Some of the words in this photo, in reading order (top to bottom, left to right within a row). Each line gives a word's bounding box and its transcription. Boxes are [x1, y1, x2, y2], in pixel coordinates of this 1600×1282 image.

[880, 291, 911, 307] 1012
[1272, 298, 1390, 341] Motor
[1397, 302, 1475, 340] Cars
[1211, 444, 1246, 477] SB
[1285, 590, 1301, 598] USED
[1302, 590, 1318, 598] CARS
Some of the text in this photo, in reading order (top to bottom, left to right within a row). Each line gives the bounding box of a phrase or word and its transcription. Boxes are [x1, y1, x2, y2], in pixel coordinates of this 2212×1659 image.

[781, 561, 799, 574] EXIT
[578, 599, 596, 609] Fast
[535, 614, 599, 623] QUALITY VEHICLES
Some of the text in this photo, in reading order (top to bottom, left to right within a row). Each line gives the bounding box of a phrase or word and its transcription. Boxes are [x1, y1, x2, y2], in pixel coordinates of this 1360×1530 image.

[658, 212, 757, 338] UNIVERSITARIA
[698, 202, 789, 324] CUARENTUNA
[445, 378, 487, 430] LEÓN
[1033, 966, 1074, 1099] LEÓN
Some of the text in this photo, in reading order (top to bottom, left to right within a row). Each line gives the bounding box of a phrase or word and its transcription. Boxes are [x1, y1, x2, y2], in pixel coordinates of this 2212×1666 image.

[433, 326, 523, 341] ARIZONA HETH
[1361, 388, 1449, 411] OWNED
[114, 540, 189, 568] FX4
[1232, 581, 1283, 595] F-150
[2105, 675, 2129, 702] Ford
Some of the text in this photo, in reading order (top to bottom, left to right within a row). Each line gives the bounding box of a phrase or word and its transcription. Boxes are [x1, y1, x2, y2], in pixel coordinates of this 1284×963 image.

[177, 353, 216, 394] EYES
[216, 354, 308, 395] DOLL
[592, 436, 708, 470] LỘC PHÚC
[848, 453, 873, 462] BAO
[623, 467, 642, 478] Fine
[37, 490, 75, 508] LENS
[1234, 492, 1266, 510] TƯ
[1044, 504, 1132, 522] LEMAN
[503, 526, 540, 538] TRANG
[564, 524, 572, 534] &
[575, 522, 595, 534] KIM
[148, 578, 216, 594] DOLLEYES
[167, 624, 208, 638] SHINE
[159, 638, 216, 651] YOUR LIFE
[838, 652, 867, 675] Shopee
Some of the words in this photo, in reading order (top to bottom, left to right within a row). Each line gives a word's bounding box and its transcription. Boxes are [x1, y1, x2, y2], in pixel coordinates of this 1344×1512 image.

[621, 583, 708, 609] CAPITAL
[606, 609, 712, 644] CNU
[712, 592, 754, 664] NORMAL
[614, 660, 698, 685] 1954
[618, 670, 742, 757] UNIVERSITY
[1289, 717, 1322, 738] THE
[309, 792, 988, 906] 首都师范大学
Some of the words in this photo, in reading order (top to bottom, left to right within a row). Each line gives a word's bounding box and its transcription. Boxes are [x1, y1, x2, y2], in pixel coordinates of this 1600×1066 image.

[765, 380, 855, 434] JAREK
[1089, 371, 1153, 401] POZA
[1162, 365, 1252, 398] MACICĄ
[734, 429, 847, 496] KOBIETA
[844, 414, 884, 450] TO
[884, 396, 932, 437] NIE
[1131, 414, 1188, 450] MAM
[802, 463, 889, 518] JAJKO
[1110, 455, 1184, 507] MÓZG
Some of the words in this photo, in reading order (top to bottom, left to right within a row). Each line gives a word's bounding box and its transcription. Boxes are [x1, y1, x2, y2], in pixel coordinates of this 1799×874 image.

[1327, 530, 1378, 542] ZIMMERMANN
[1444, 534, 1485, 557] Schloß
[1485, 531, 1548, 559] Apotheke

------------------------------------

◆ TASK BRIEF
The records above need to be output again, verbatim.

◆ SOLUTION
Some of the words in this photo, in reading order (top to bottom, left to right within a row). Each line gives a word's bounding box and its transcription. Boxes are [x1, y1, x2, y2], in pixel coordinates of this 1600×1282 image.

[880, 291, 911, 307] 1012
[1272, 298, 1390, 341] Motor
[1397, 302, 1475, 340] Cars
[1211, 444, 1246, 477] SB
[1285, 590, 1301, 598] USED
[1302, 590, 1318, 598] CARS
Some of the text in this photo, in reading order (top to bottom, left to right within a row). Each line gives the bounding box of a phrase or word and its transcription. Boxes are [x1, y1, x2, y2], in pixel coordinates of this 2212×1659 image.

[781, 561, 799, 574] EXIT
[578, 599, 596, 609] Fast
[535, 614, 599, 623] QUALITY VEHICLES
Some of the text in this photo, in reading order (top to bottom, left to right within a row). Each line gives the bounding box of a phrase or word and its transcription. Boxes are [x1, y1, x2, y2], in pixel coordinates of this 1360×1530 image.

[658, 212, 757, 338] UNIVERSITARIA
[698, 202, 789, 324] CUARENTUNA
[445, 378, 487, 430] LEÓN
[1033, 966, 1074, 1099] LEÓN
Some of the text in this photo, in reading order (top to bottom, left to right within a row). Each line gives the bounding box of a phrase or word and its transcription. Boxes are [x1, y1, x2, y2], in pixel coordinates of this 2212×1666 image.

[433, 326, 523, 341] ARIZONA HETH
[1361, 388, 1449, 411] OWNED
[114, 540, 189, 568] FX4
[1232, 581, 1283, 595] F-150
[2105, 675, 2129, 702] Ford
Some of the text in this photo, in reading order (top to bottom, left to right within a row). Each line gives the bounding box of a phrase or word and its transcription. Boxes are [x1, y1, x2, y2], in pixel coordinates of this 1284×963 image.

[177, 353, 216, 394] EYES
[216, 354, 308, 395] DOLL
[592, 436, 708, 470] LỘC PHÚC
[848, 453, 873, 462] BAO
[623, 467, 642, 478] Fine
[37, 490, 75, 508] LENS
[1234, 492, 1266, 510] TƯ
[1044, 504, 1132, 522] LEMAN
[503, 526, 540, 538] TRANG
[564, 524, 572, 534] &
[575, 522, 595, 534] KIM
[148, 578, 216, 594] DOLLEYES
[167, 624, 208, 638] SHINE
[159, 638, 216, 651] YOUR LIFE
[838, 652, 867, 675] Shopee
Some of the words in this photo, in reading order (top to bottom, left to right within a row). Each line gives a word's bounding box and its transcription. Boxes are [x1, y1, x2, y2], in pixel coordinates of this 1344×1512 image.

[621, 583, 708, 609] CAPITAL
[606, 609, 712, 644] CNU
[712, 592, 754, 664] NORMAL
[614, 660, 698, 685] 1954
[618, 670, 742, 757] UNIVERSITY
[1289, 717, 1322, 738] THE
[309, 792, 988, 906] 首都师范大学
Some of the words in this photo, in reading order (top to bottom, left to right within a row). Each line gives a word's bounding box and its transcription. Boxes are [x1, y1, x2, y2], in pixel coordinates of this 1600×1066 image.

[765, 380, 855, 434] JAREK
[1089, 371, 1153, 401] POZA
[1162, 365, 1252, 398] MACICĄ
[734, 429, 847, 496] KOBIETA
[844, 414, 884, 450] TO
[884, 396, 932, 437] NIE
[1131, 414, 1188, 450] MAM
[802, 463, 889, 518] JAJKO
[1110, 455, 1184, 507] MÓZG
Some of the words in this photo, in reading order (top to bottom, left to right within a row). Each line gives a word's bounding box and its transcription. Boxes are [x1, y1, x2, y2], in pixel coordinates of this 1799×874 image.

[1327, 530, 1378, 542] ZIMMERMANN
[1444, 534, 1485, 557] Schloß
[1485, 531, 1548, 559] Apotheke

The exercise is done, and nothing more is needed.